明日に備える女性
おはようございます
今週も頑張る!
(そう来るか!)
偶然か必然か、どうやらアルシャが追っているという男と、明日やってくる領主は同一人物のようだ。そして凄腕の護衛というのは間違いなく騎士団の隊長の事に違いない。
「どうした? 何やら思う所があるようだが」
俺の表情を見たアルシャが疑問の声を投げかけてくる。別の隠すような事でもないだろう。頭の中で整理した情報を、俺はアルシャに対して説明する。
「なっ!? まさかそんな……」
俺の言葉を聞き、アルシャも驚愕の表情を浮かべている。まさか騎士団が、それも隊長クラスの者が関わっているなど思ってもいなかったのだろう。
「中々面白い展開になってきたね」
パフェを食べながらレイシアが笑みを浮かべている。面白いどころか正直厄介事が起きそうな気がしてならない。
「就任式は明日の朝から開催されるみたいだね。

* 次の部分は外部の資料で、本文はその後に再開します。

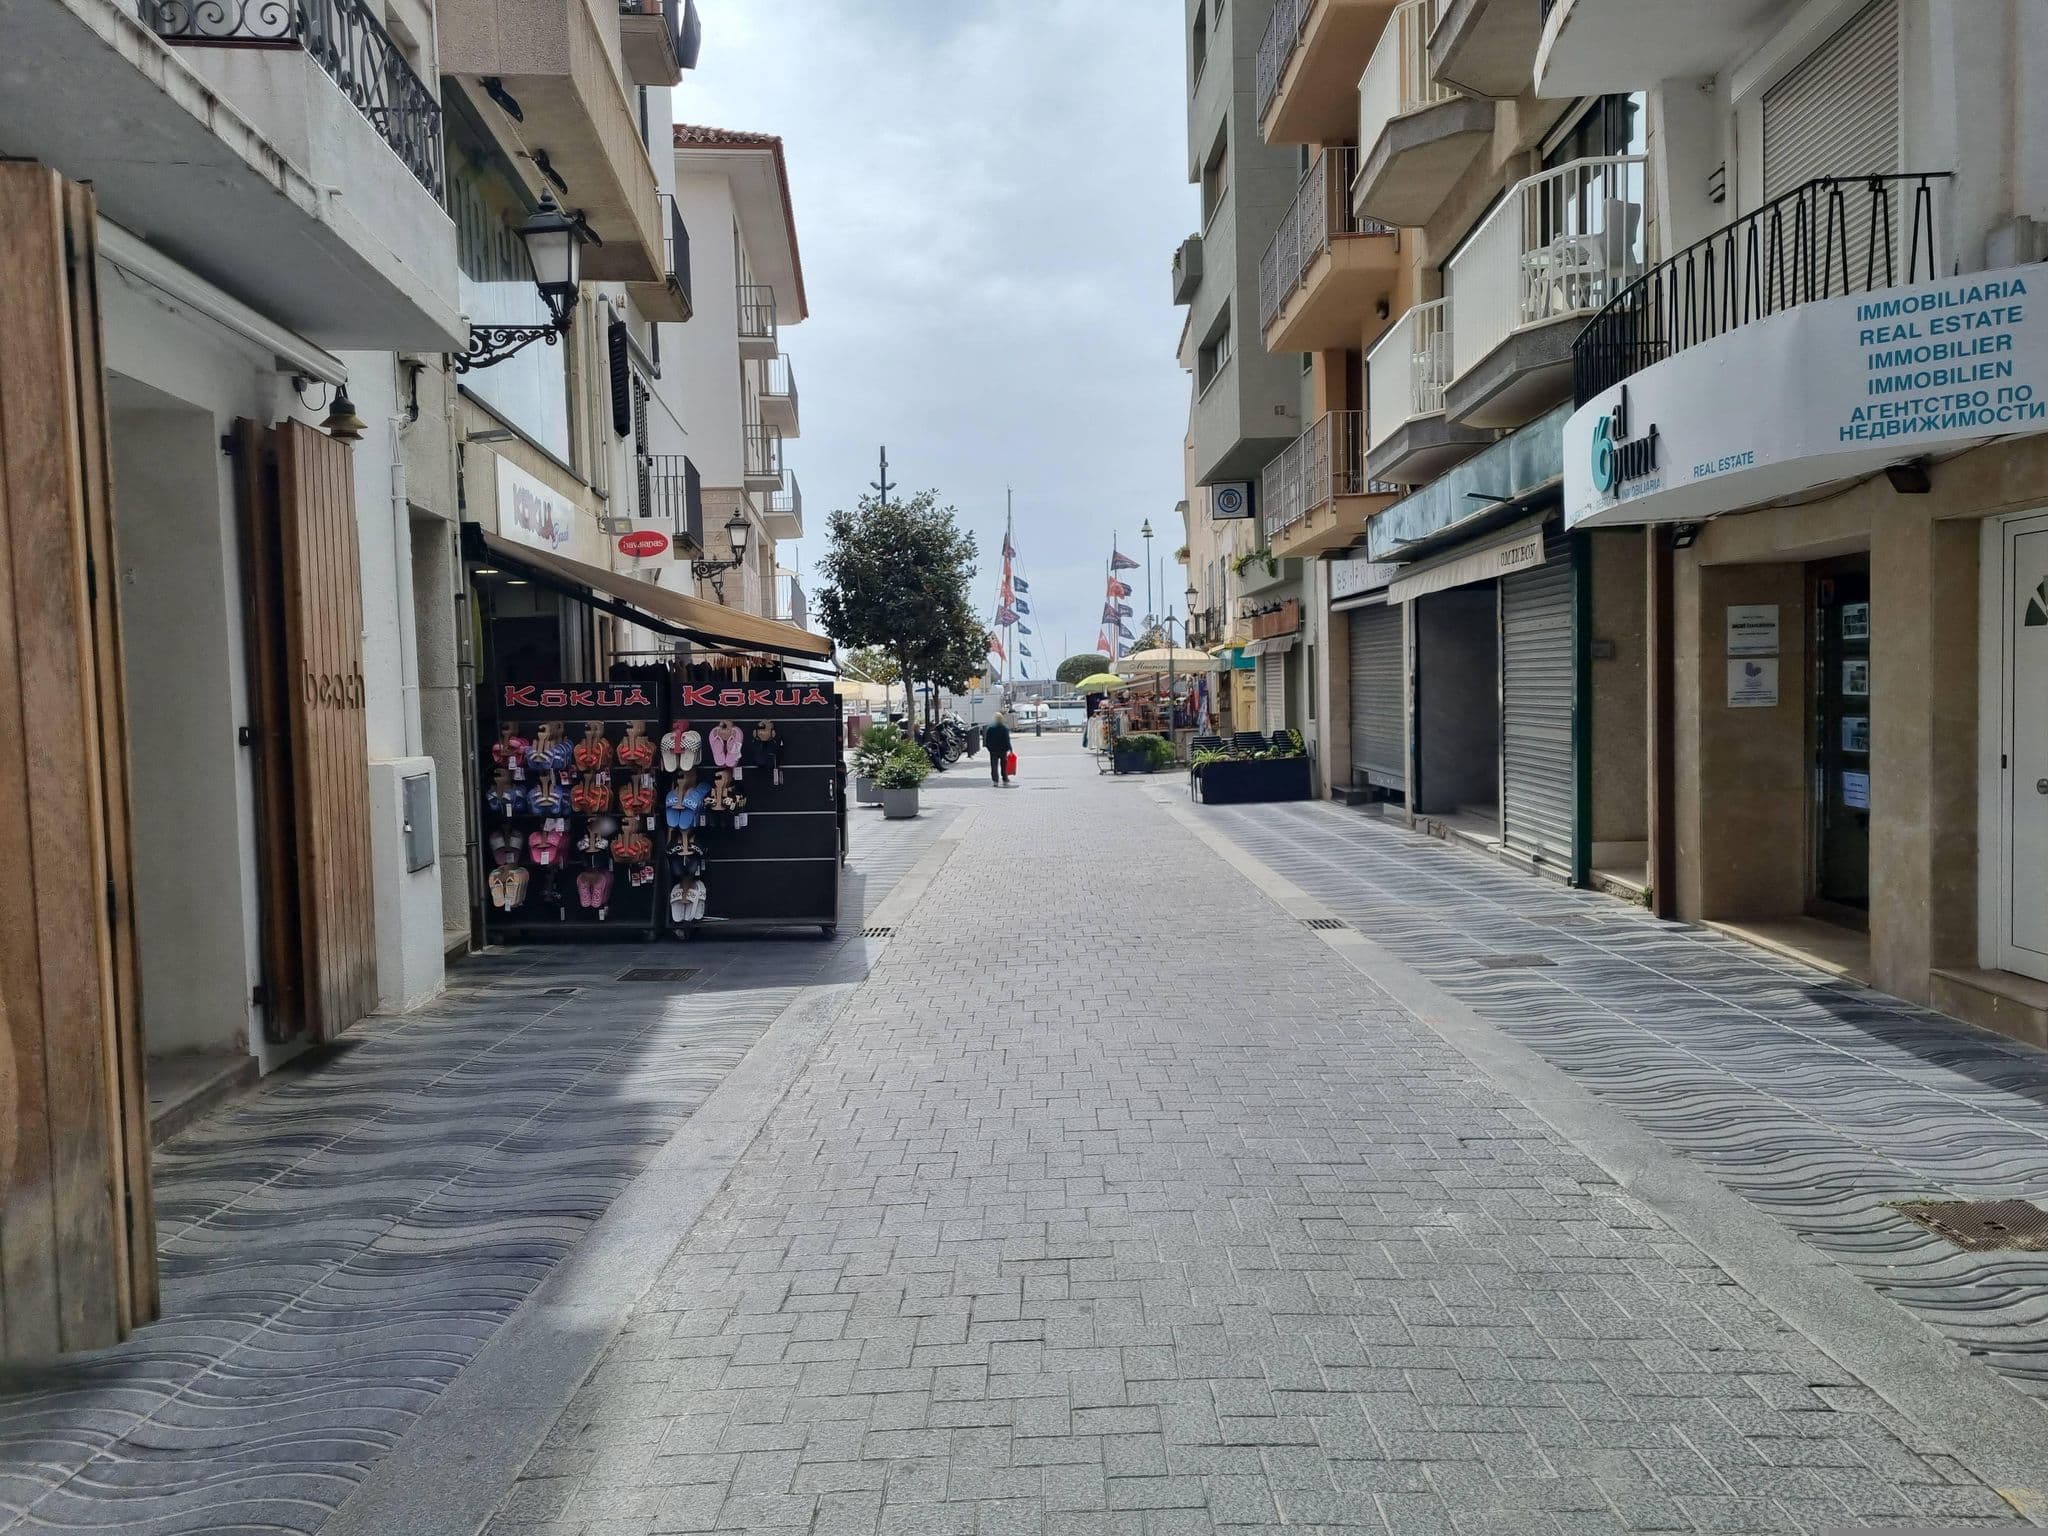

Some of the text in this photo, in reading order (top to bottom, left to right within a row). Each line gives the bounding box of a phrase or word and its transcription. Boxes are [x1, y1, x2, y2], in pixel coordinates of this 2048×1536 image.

[1857, 279, 2027, 322] IMMOBILIARIA
[1860, 305, 2023, 346] REAL ESTATE
[1868, 334, 2012, 370] IMMOBILIER
[1868, 359, 2012, 395] IMMOBILIEN
[1839, 402, 2045, 441] НЕДВИЖИМОСТИ
[1850, 385, 2033, 422] АГЕНТСТВО ПО
[1693, 451, 1754, 478] REAL ESTATE

誰でも見に行けるから、運が良ければ接触できるんじゃないかな?」
「誰でも……という事は私も参加できるのか?」
「問題ないと思うよ。というより一般人が領主様を直接見られるのはそれくらいの時しかないしね」
レイシア曰く、明日の朝から新領主誕生のお披露目会があるようだ。護衛の者ならともかく、普通の一般人は領主と顔を合わす機会がほとんどない。面会の理由を述べ、それが承認された上で、ようやく時間を取ってもらう事ができるのだ。

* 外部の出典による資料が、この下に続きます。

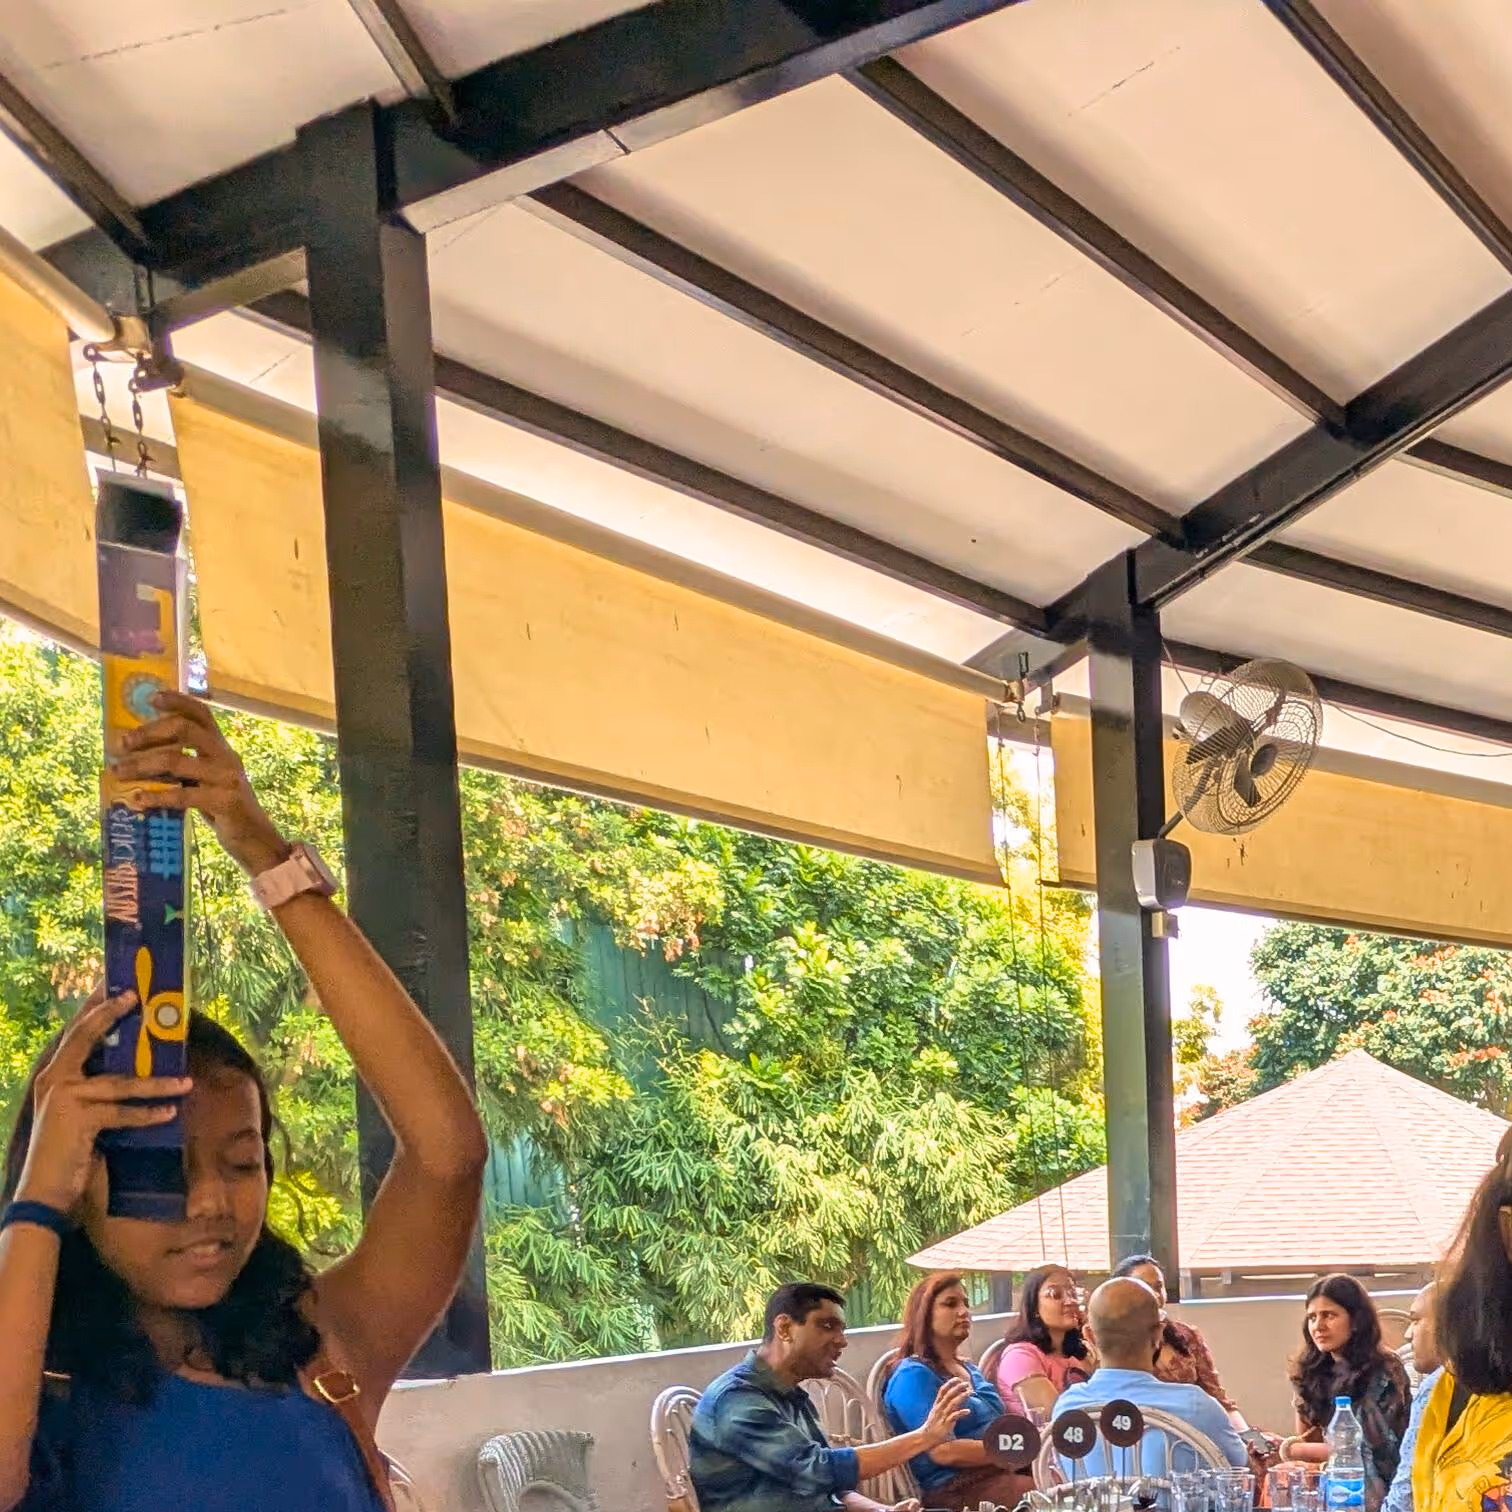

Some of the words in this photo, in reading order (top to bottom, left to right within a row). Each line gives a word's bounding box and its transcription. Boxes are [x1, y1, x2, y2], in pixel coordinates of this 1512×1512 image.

[1112, 1414, 1131, 1431] 49
[998, 1434, 1024, 1450] D2
[1063, 1426, 1084, 1443] 48

「アルシャが面会を希望しても会えるのは相当先になると思う」
「なら明日の機会を逃す訳にはいかない……という事になるな」
普段からこの町に住んでいる者ならともかく、いきなり他所からやってきたアルシャが面会を申し込んだとしても、おそらく通らないだろう。接触するとなれば、チャンスはおそらく明日しかない。
(まぁ俺は強行突破して乗り込んだけど……)
苦い記憶がよみがえる。オークの群れ騒動の時、俺は強引に屋敷に乗り込んで領主に話をしにいった。最も聞き入れてもらう事はできず、騎士団の者たちに追われる羽目になったのだが。
「了解した。明日の就任式、私も参加させてもらおう」
「俺も参加するよ。どんな人なのか気になるし。レイシアはどうするんだ?」
「私はパスしようかな。お偉いさんの話なんて聞いてるだけでも頭が痛くなりそうだし。適当にそこら辺をぶらつく事にするよ」
てっきりレイシアも参加するものだと思っていたが、予想外の答えが返ってきた。ともあれ、明日レイシアが参加しないのであれば、少なくとも就任式で激しい争いが起こる事はないだろう。
「…………何か失礼な事考えてない?」
ジト目でレイシアがこちらを見つめてくる。またこのパターンか。どうもからかわれているような気がするが、とりあえずないとだけ答えておく。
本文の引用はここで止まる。